L’eremo di Sant’Onofrio al Morrone costruito sulle cavità, le grotte a 620 metri dove visse l’eremita Pietro da Morrone. Monumento nazionale dal 1902, posto sulla parete del massiccio. Lì, la memoria di Pietro Angelerio, il frate eremita che divenne papa nel 1294 con il nome di Celestino V.

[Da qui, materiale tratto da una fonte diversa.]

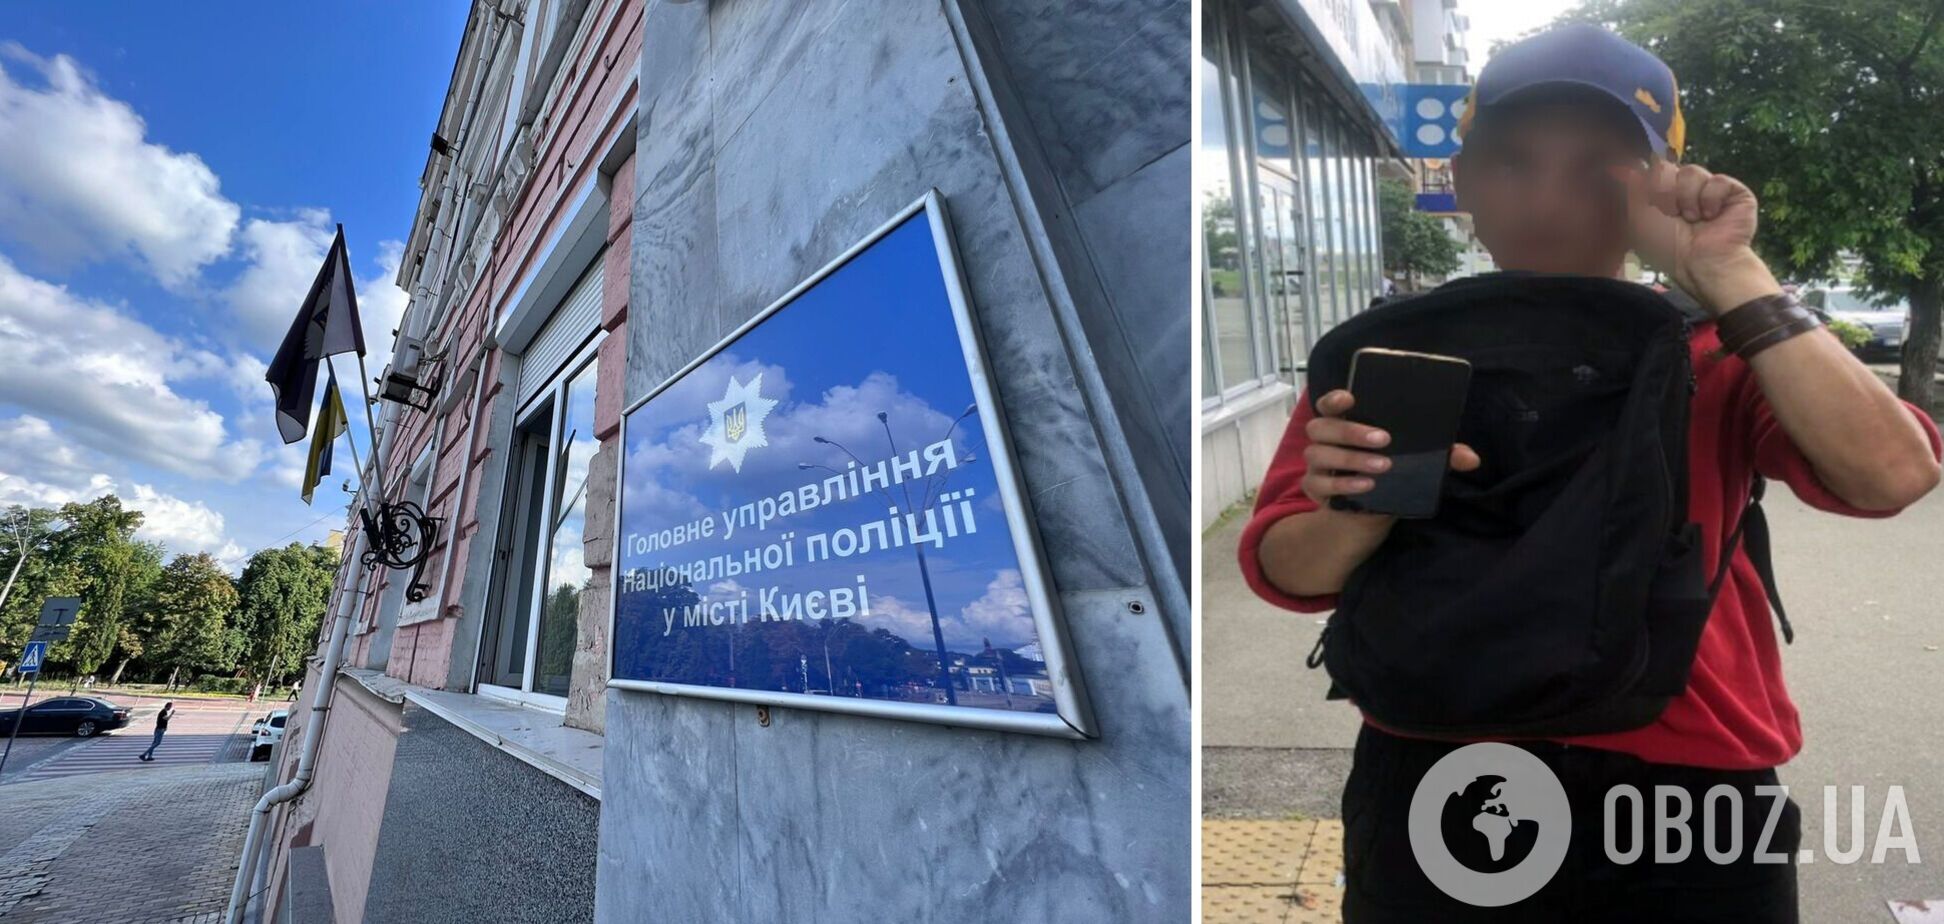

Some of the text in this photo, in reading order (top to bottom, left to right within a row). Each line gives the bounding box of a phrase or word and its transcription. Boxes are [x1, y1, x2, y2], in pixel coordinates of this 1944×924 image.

“Magister Gentilis pictor” pittore bizantino, contemporaneo di Pietro da Morrone forse di Sulmona, realizza gli affreschi che raffigurano il Crocifisso con ai lati Maria (incrocia le mani nell’atto di manifestare il suo dolore) e San Giovanni (porta la mano destra sul suo volto che ripiega, in un tenero atteggiamento sconsolato. Lo troveremo così anche nella pittura colta del Medioevo e inizio Rinascimento) con i visi tondeggianti, le gote evidenziate cromaticamente e i grandi occhi. I corpi sono leggermente inchinati davanti alla crocifissione. Poi la plastica gestualità nelle pose che richiamano le miniature medioevali, e nei gesti di grande naturalismo espressivo per l’epoca. Il corpo di Cristo flette, si curva nelle ginocchia riunite, inizia una flessione a “S”, la sua testa si poggia sulla spalla, le braccia scendono lentamente, e i lunghi capelli a ciocche si riuniscono così, evidenziati, cadenti sulle spalle. La pittura ci parla della morte sulla croce, adesso. Ancora sui bracci della croce due angeli in contrasto simbolico tra loro: uno che regge una corona di spine, l’altro una corona radiata.

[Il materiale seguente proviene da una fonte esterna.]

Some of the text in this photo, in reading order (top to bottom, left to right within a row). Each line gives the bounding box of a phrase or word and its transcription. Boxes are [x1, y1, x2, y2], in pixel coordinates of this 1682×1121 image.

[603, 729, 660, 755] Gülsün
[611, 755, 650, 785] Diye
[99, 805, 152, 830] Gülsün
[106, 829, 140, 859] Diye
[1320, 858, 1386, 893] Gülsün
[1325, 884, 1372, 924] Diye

Nella lunetta sovrastante, l’opera in affresco è dipinta con una raffigurazione della Vergine con Bambino in trono su di un fondo lapislazzuli: Il Bambino straordinariamente evocativo accarezza la madre con la mano destra, mentre con la sinistra mantiene nella mano le sacre scritture in un rotolo. Ai lati il sole e la luna, il giorno e la notte: la “protezione”, elemento fortemente allegorico della quotidianità che non teme le tenebre. Ai lati San Benedetto (abbigliato con un manto rosso con un libro chiuso in mano), San Mauro e Sant’Antonio (con tunica gialla e mantello rosso). La volta a botte è dipinta con il raro e prezioso lapislazzuli con stelle a otto punte.

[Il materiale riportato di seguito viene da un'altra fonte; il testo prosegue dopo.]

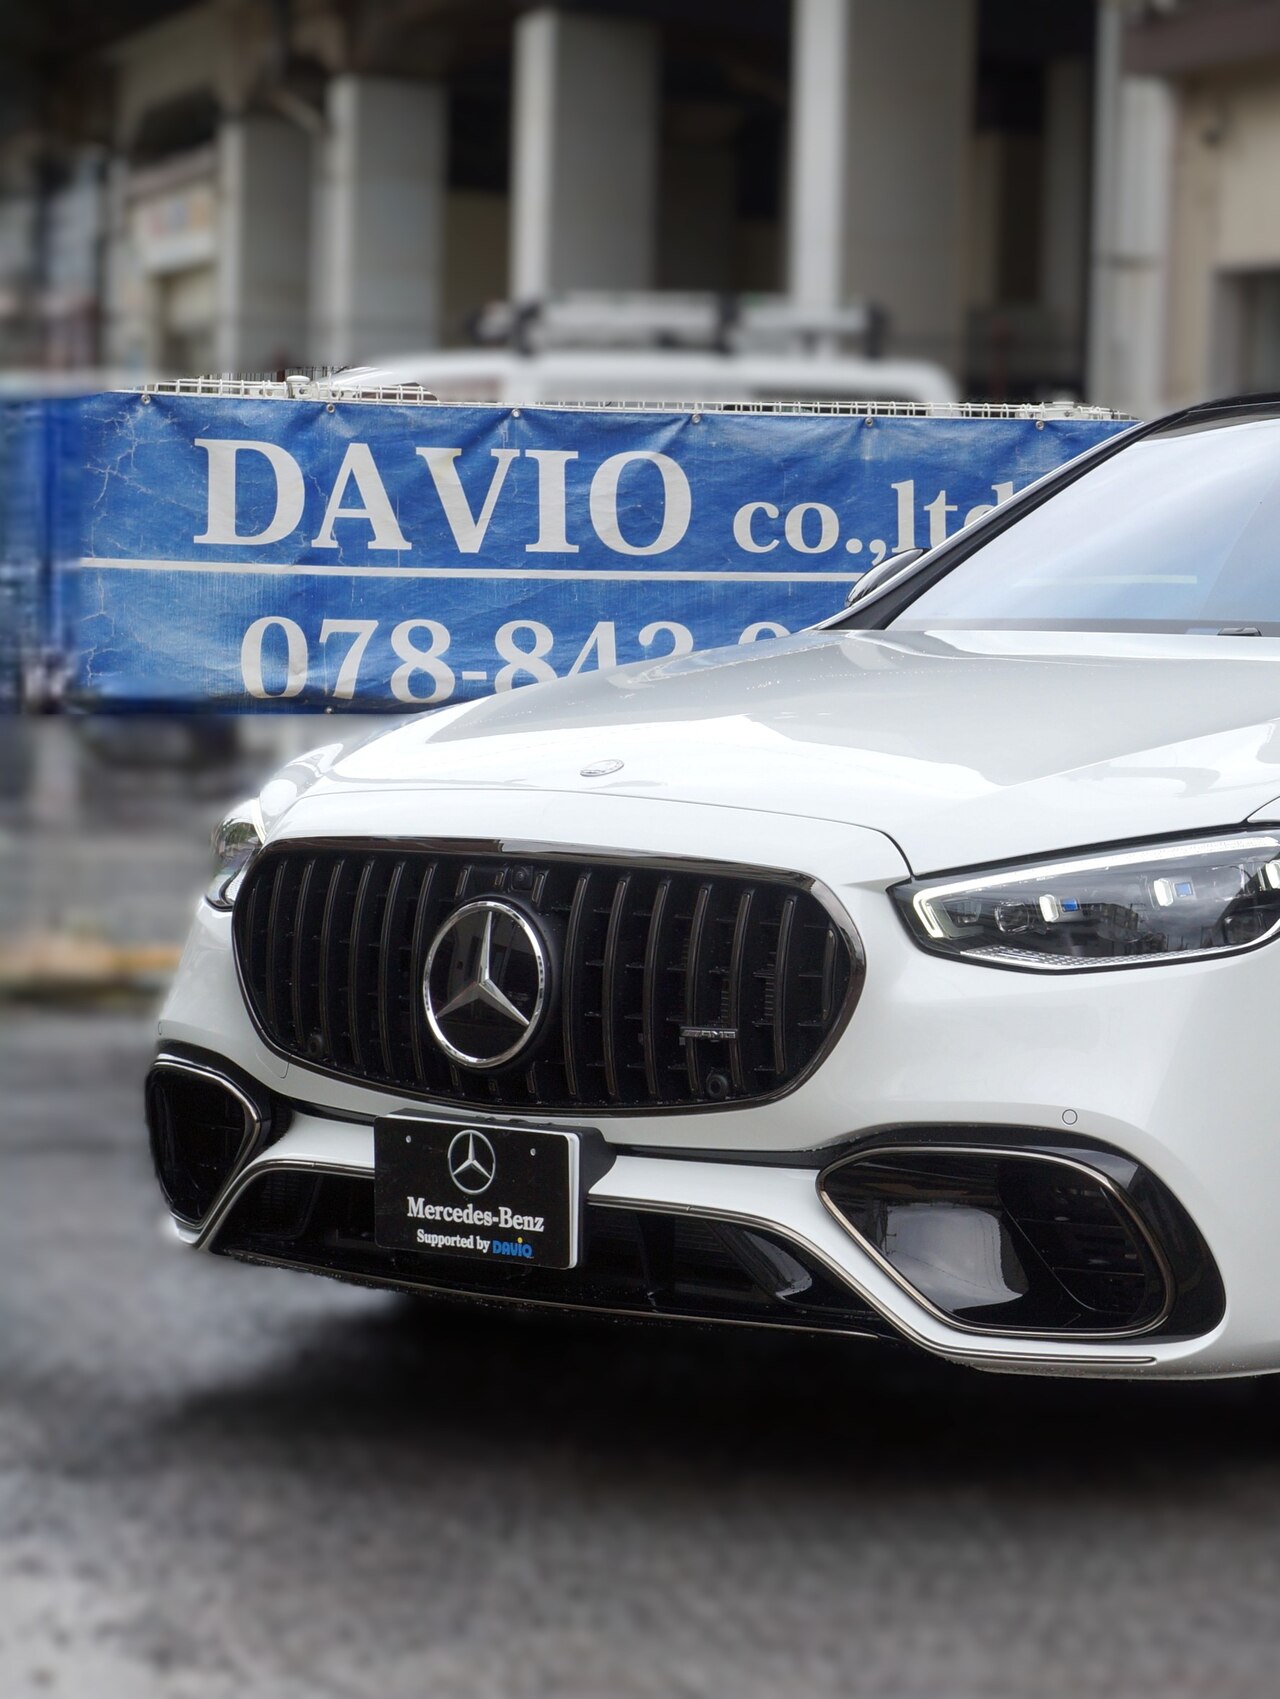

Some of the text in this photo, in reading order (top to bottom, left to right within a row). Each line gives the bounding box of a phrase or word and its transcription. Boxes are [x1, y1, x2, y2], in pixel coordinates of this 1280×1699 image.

[193, 438, 693, 556] DAVIO
[406, 1196, 545, 1232] Mercedes-Benz
[416, 1229, 474, 1248] Supported
[476, 1236, 491, 1253] by

Sulle pareti laterali e in una nicchia, sempre la pittura religiosa evocativa probabilmente datata intorno XIV secolo, rappresenta ancora la crocifissione e i santi. Emerge nella parete la figura di Pietro Celestino nelle vesti di pontefice. Il santo con l’aureola indossa una tiara delicatamente ricamata di fili gialli, veste con cappuccio riversato sul mantello bianco, e sorregge un lembo del mantello con la mano destra, mentre è con la sinistra che indossa un guanto tiene l’enigmatica palma del martirio che mostra. All’interno della chiesa, sulla parete sinistra, frammenti di affreschi del XV secolo: Cristo Re e San Giovanni Battista, e successive pitture che rappresentano una Madonna con Bambino e Santa Lucia e Santa Apollonia.